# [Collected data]
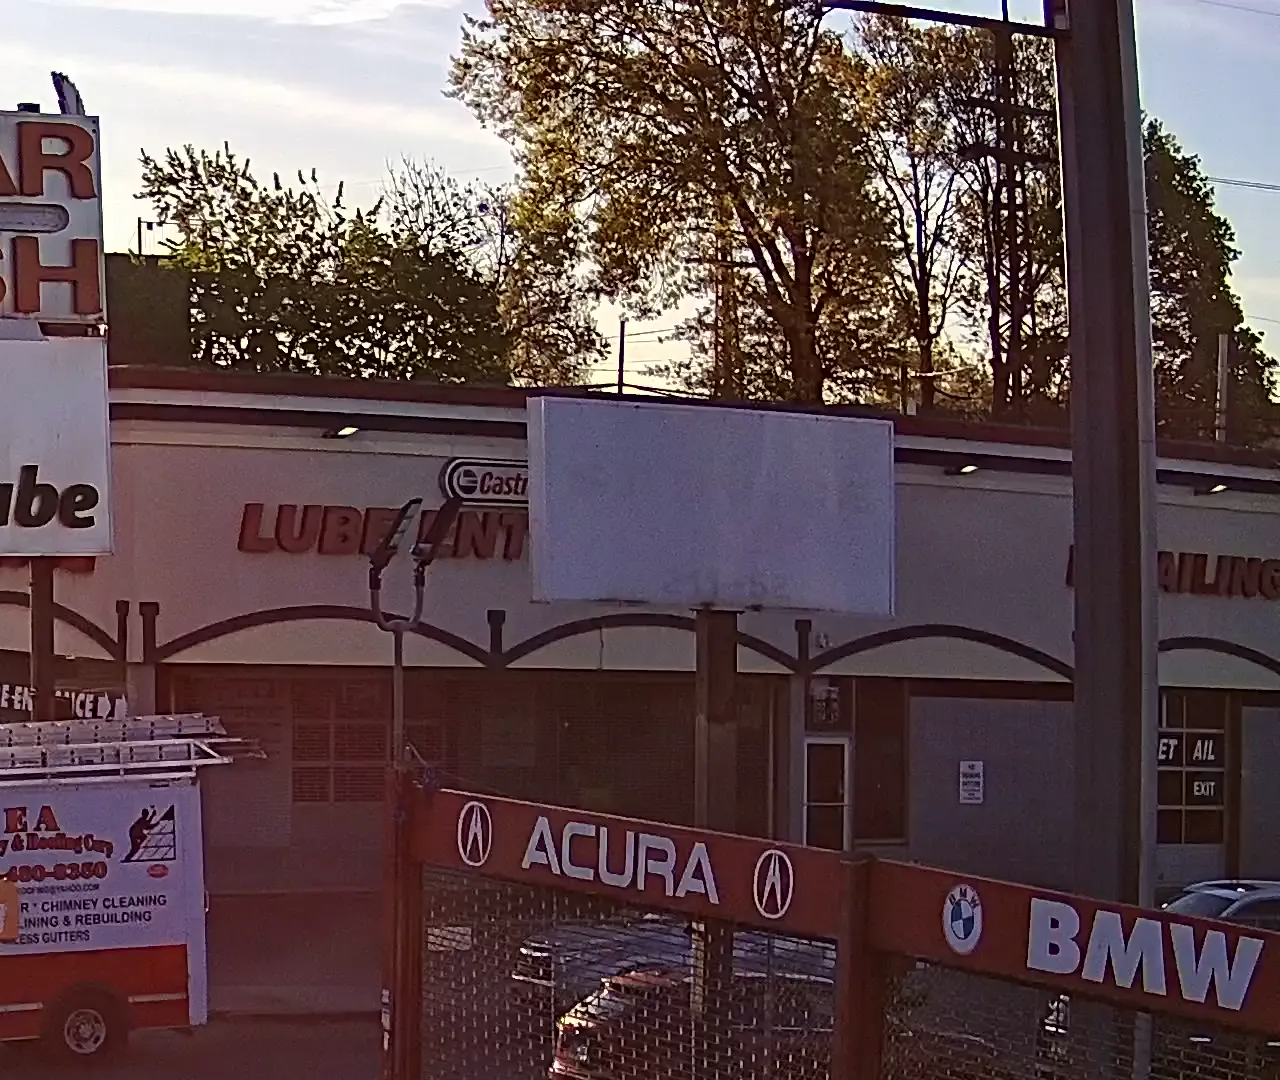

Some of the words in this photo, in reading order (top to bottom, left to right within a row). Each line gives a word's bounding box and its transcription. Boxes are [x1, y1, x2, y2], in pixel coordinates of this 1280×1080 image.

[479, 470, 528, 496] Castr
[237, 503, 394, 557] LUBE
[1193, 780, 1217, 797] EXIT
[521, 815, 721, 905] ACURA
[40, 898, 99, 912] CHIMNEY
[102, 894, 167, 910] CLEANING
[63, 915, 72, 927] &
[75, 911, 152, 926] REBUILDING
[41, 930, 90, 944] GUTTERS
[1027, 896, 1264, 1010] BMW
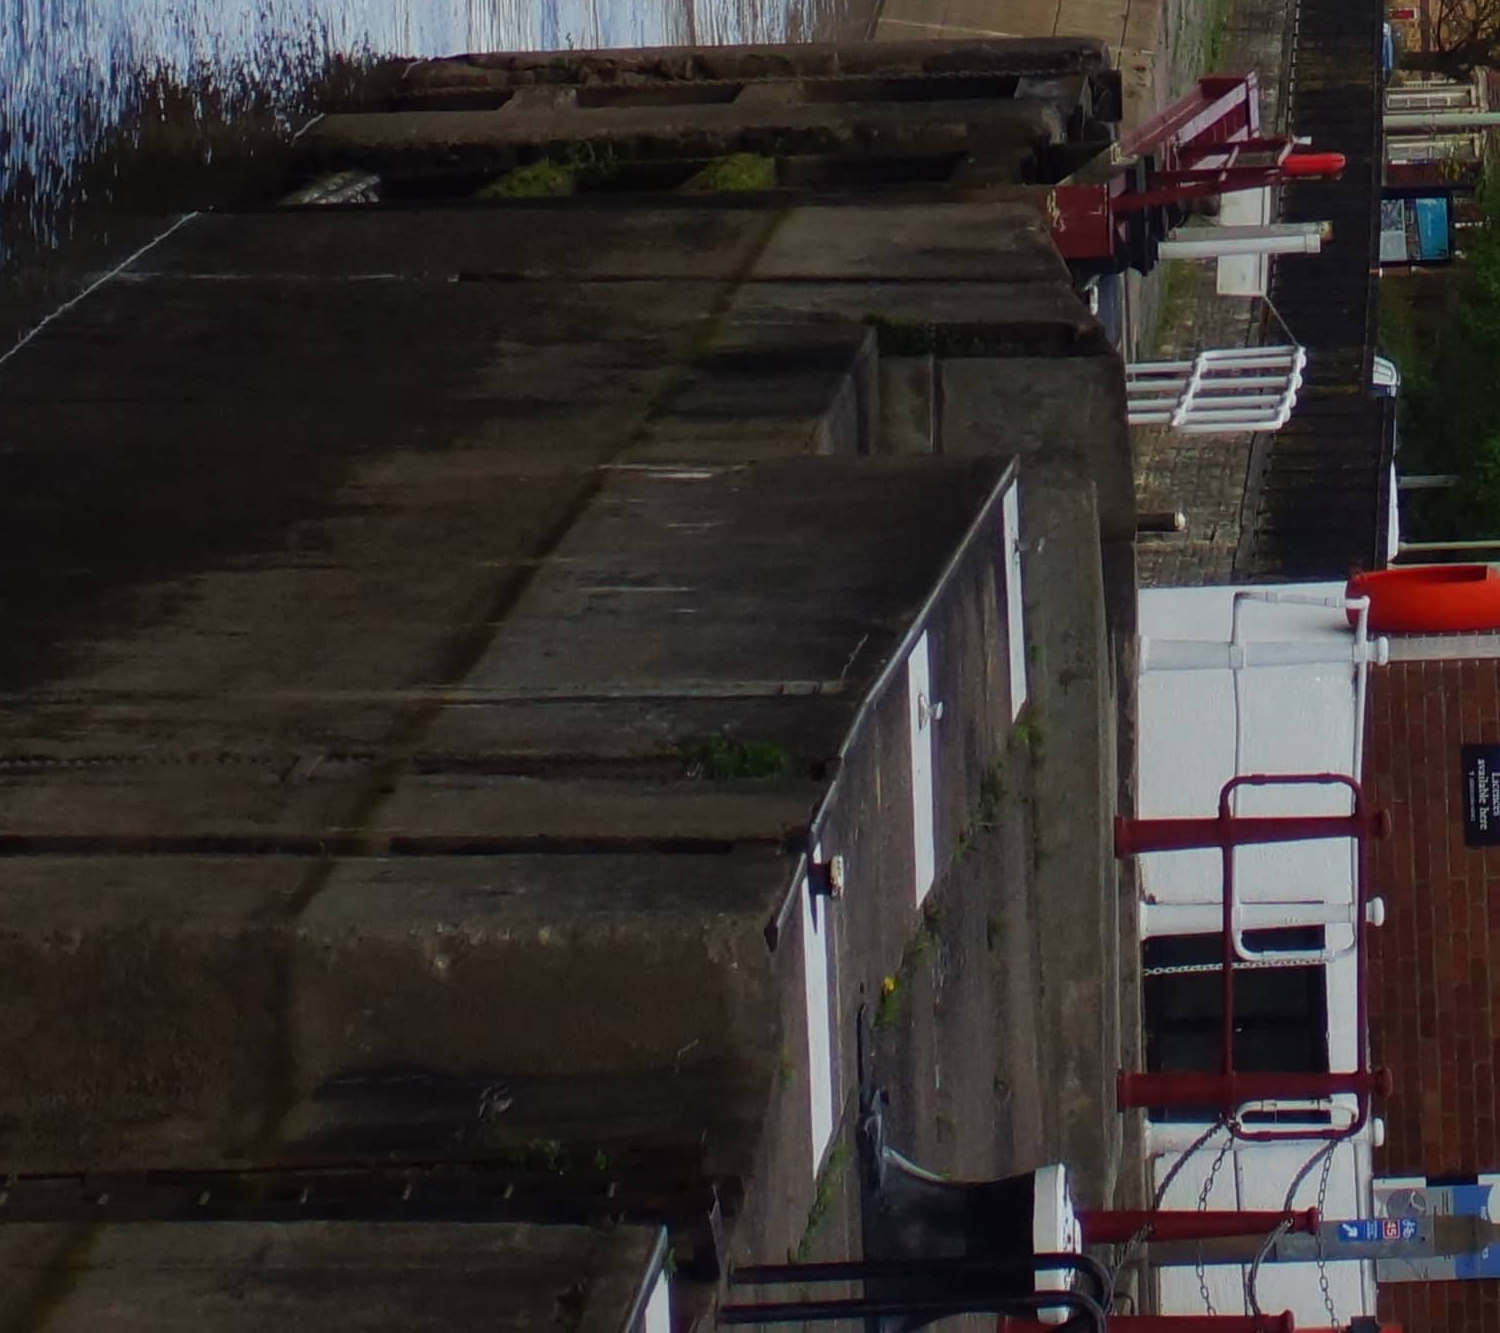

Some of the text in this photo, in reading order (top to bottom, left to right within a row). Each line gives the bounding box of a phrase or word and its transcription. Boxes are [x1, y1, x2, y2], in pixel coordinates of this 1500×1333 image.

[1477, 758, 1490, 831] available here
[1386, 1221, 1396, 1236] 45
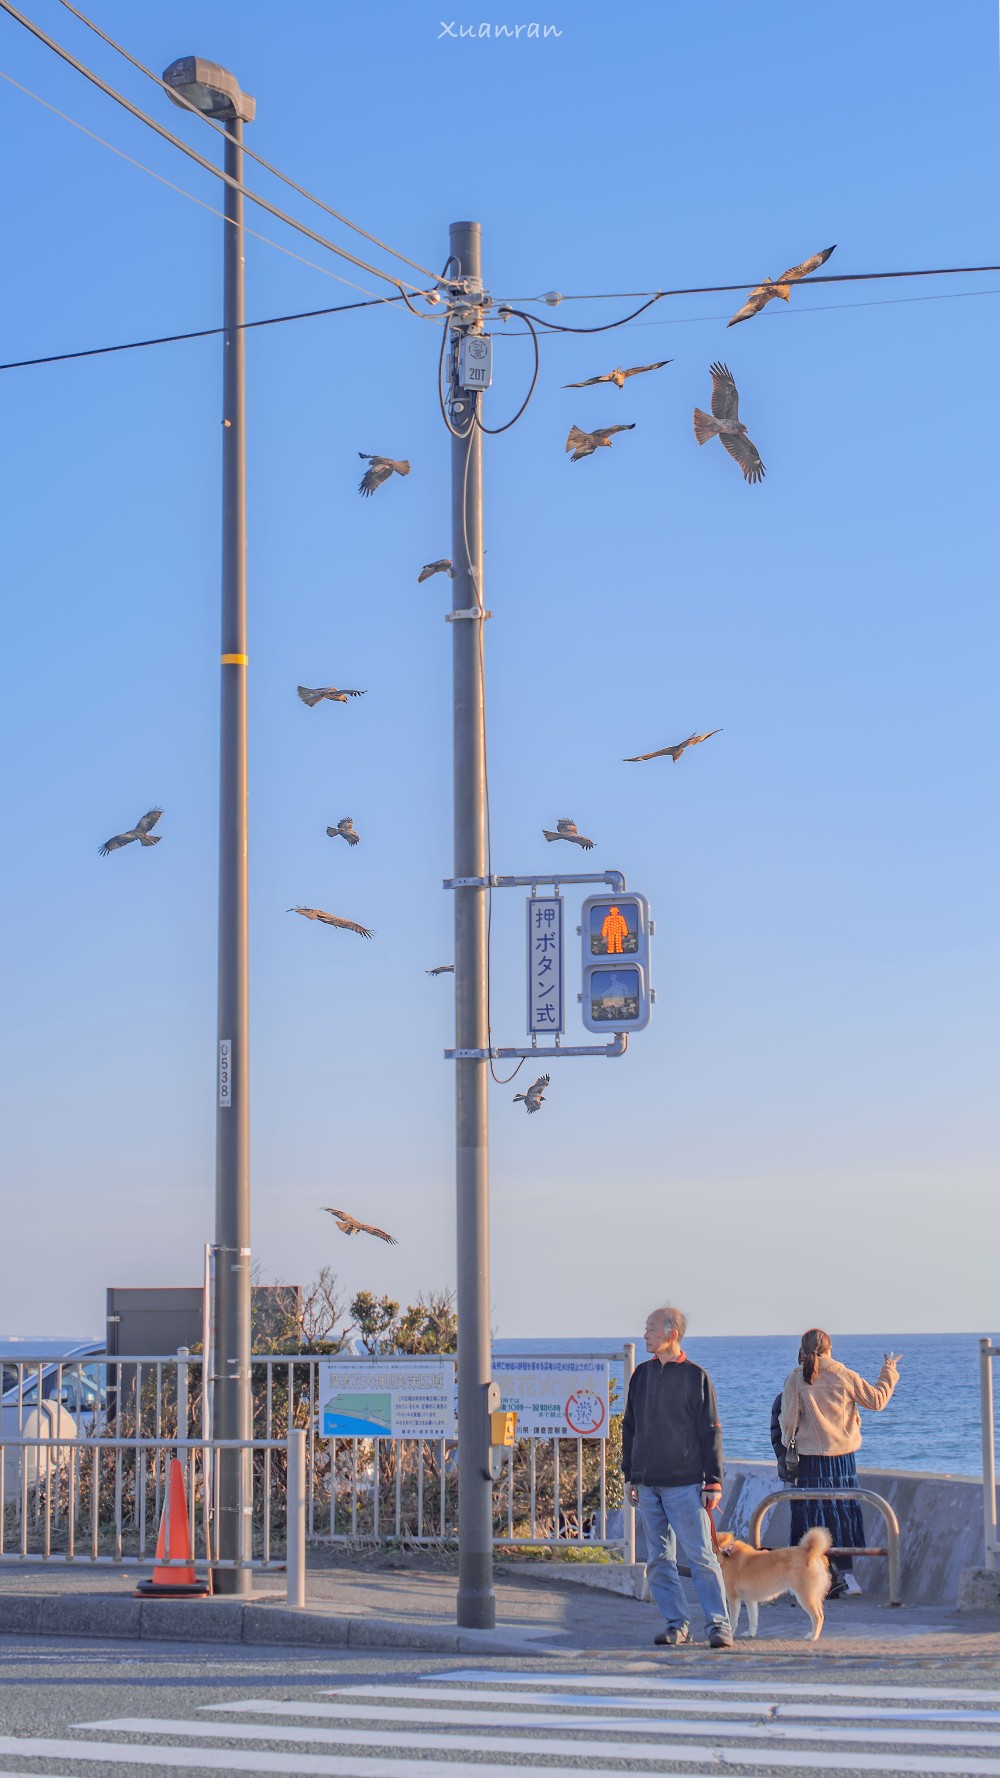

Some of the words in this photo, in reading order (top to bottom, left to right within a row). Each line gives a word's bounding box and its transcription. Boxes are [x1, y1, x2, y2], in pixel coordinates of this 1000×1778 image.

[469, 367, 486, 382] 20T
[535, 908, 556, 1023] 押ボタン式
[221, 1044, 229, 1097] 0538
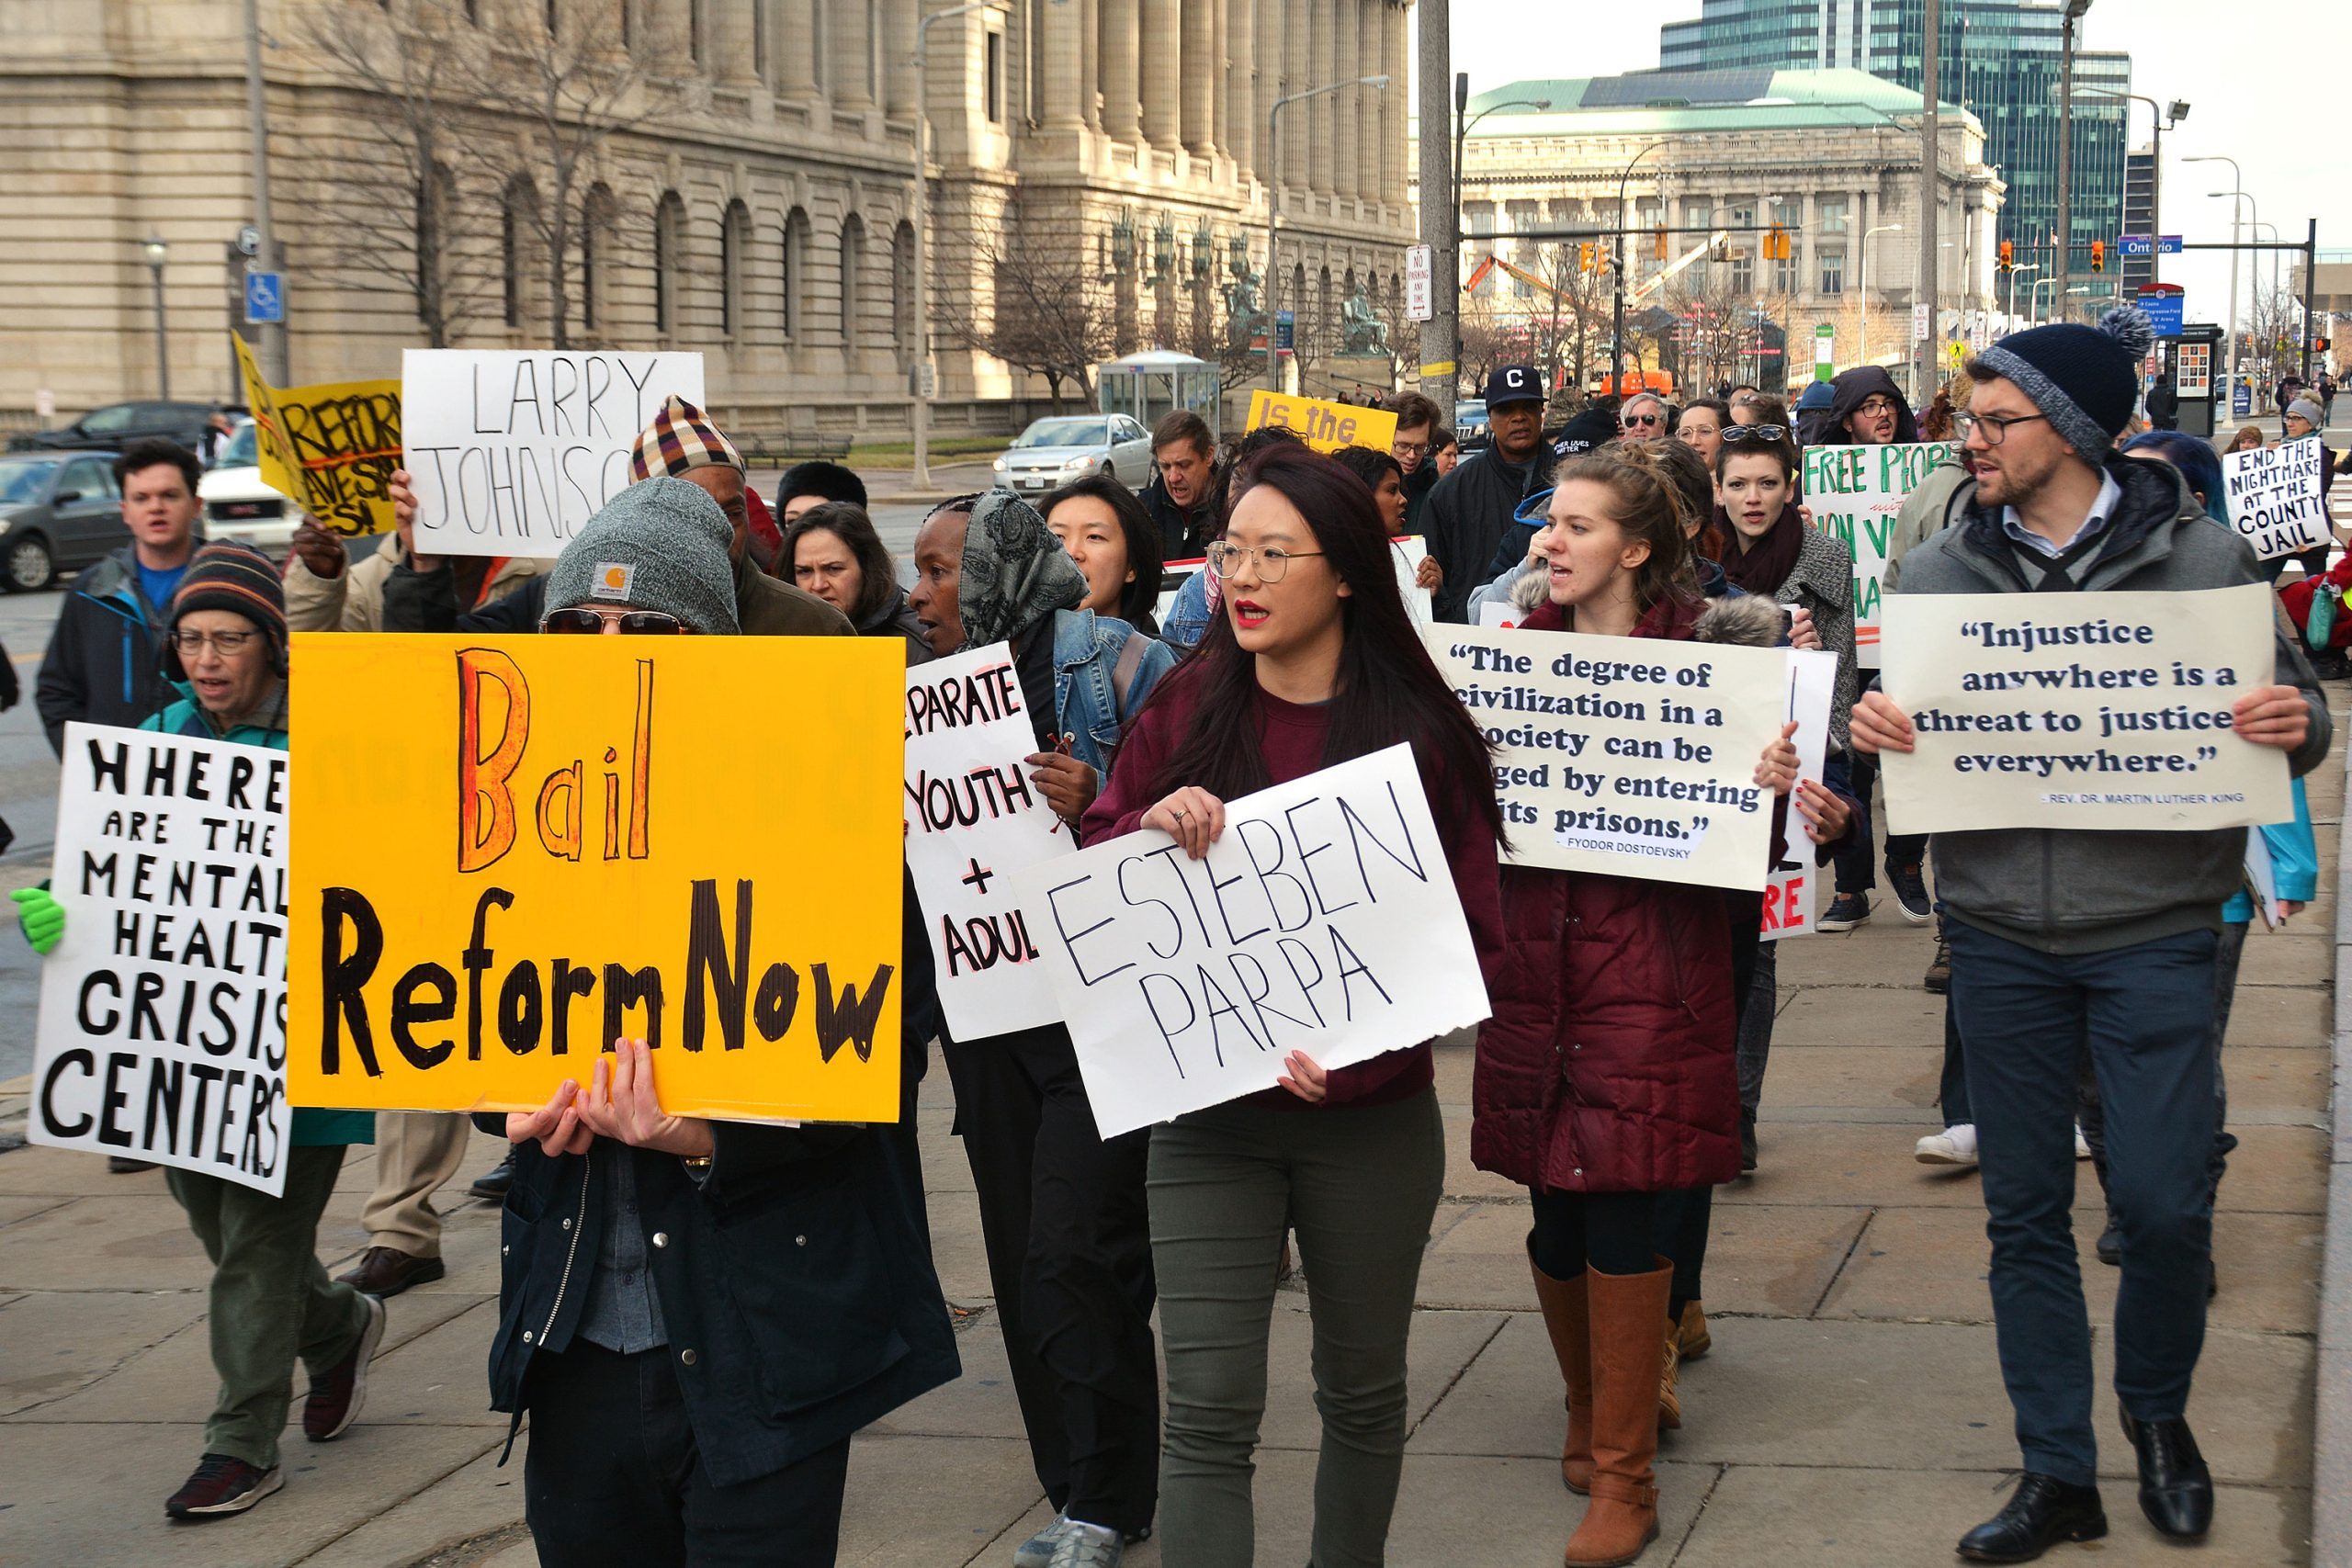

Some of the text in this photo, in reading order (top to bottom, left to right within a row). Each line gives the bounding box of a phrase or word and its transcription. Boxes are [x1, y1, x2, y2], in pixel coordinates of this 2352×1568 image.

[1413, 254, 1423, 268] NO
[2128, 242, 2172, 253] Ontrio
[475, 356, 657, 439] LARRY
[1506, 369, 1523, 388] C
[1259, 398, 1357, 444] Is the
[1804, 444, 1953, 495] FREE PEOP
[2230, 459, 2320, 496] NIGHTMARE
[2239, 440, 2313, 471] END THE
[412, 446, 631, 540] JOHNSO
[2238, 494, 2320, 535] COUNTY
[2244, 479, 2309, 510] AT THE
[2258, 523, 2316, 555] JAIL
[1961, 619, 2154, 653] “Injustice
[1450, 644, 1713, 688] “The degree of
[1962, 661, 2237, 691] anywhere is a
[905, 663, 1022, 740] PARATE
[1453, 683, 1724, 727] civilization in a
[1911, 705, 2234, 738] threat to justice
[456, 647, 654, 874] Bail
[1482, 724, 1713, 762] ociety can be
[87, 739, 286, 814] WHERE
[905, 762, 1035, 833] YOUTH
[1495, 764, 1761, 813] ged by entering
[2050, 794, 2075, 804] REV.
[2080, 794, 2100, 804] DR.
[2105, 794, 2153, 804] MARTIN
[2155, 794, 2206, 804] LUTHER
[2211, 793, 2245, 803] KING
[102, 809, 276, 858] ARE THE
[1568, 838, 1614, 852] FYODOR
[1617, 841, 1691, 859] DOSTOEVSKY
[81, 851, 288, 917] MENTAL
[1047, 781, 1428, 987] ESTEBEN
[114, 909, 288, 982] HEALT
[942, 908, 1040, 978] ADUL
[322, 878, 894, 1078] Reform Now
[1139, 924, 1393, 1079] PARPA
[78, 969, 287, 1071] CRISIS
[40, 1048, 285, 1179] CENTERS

# [TASK DIRECTIONS]
Skip every picture and transcribe the data above exactly.

# [EXERCISE SOLUTION]
Some of the words in this photo, in reading order (top to bottom, left to right within a row). Each line gives a word's bounding box and its transcription. Boxes are [x1, y1, x2, y2], in pixel coordinates of this 1280×1080 image.

[479, 470, 528, 496] Castr
[237, 503, 394, 557] LUBE
[1193, 780, 1217, 797] EXIT
[521, 815, 721, 905] ACURA
[40, 898, 99, 912] CHIMNEY
[102, 894, 167, 910] CLEANING
[63, 915, 72, 927] &
[75, 911, 152, 926] REBUILDING
[41, 930, 90, 944] GUTTERS
[1027, 896, 1264, 1010] BMW

Some of the text in this photo, in reading order (top to bottom, left to right within a row). Each line gives the bounding box of a phrase or word and its transcription. Boxes are [x1, y1, x2, y2], in pixel coordinates of this 1500×1333 image.

[1477, 758, 1490, 831] available here
[1386, 1221, 1396, 1236] 45

Some of the words in this photo, in reading order (top to bottom, left to right within a row). Each line gives a word's bounding box and its transcription. Boxes are [x1, y1, x2, y2], in pixel coordinates of this 1000×1778 image.

[469, 367, 486, 382] 20T
[535, 908, 556, 1023] 押ボタン式
[221, 1044, 229, 1097] 0538

Some of the text in this photo, in reading order (top to bottom, left to right within a row). Each line gives the bounding box of a phrase or word and its transcription. Boxes are [x1, y1, x2, y2], in pixel coordinates of this 2352×1568 image.

[1413, 254, 1423, 268] NO
[2128, 242, 2172, 253] Ontrio
[475, 356, 657, 439] LARRY
[1506, 369, 1523, 388] C
[1259, 398, 1357, 444] Is the
[1804, 444, 1953, 495] FREE PEOP
[2230, 459, 2320, 496] NIGHTMARE
[2239, 440, 2313, 471] END THE
[412, 446, 631, 540] JOHNSO
[2238, 494, 2320, 535] COUNTY
[2244, 479, 2309, 510] AT THE
[2258, 523, 2316, 555] JAIL
[1961, 619, 2154, 653] “Injustice
[1450, 644, 1713, 688] “The degree of
[1962, 661, 2237, 691] anywhere is a
[905, 663, 1022, 740] PARATE
[1453, 683, 1724, 727] civilization in a
[1911, 705, 2234, 738] threat to justice
[456, 647, 654, 874] Bail
[1482, 724, 1713, 762] ociety can be
[87, 739, 286, 814] WHERE
[905, 762, 1035, 833] YOUTH
[1495, 764, 1761, 813] ged by entering
[2050, 794, 2075, 804] REV.
[2080, 794, 2100, 804] DR.
[2105, 794, 2153, 804] MARTIN
[2155, 794, 2206, 804] LUTHER
[2211, 793, 2245, 803] KING
[102, 809, 276, 858] ARE THE
[1568, 838, 1614, 852] FYODOR
[1617, 841, 1691, 859] DOSTOEVSKY
[81, 851, 288, 917] MENTAL
[1047, 781, 1428, 987] ESTEBEN
[114, 909, 288, 982] HEALT
[942, 908, 1040, 978] ADUL
[322, 878, 894, 1078] Reform Now
[1139, 924, 1393, 1079] PARPA
[78, 969, 287, 1071] CRISIS
[40, 1048, 285, 1179] CENTERS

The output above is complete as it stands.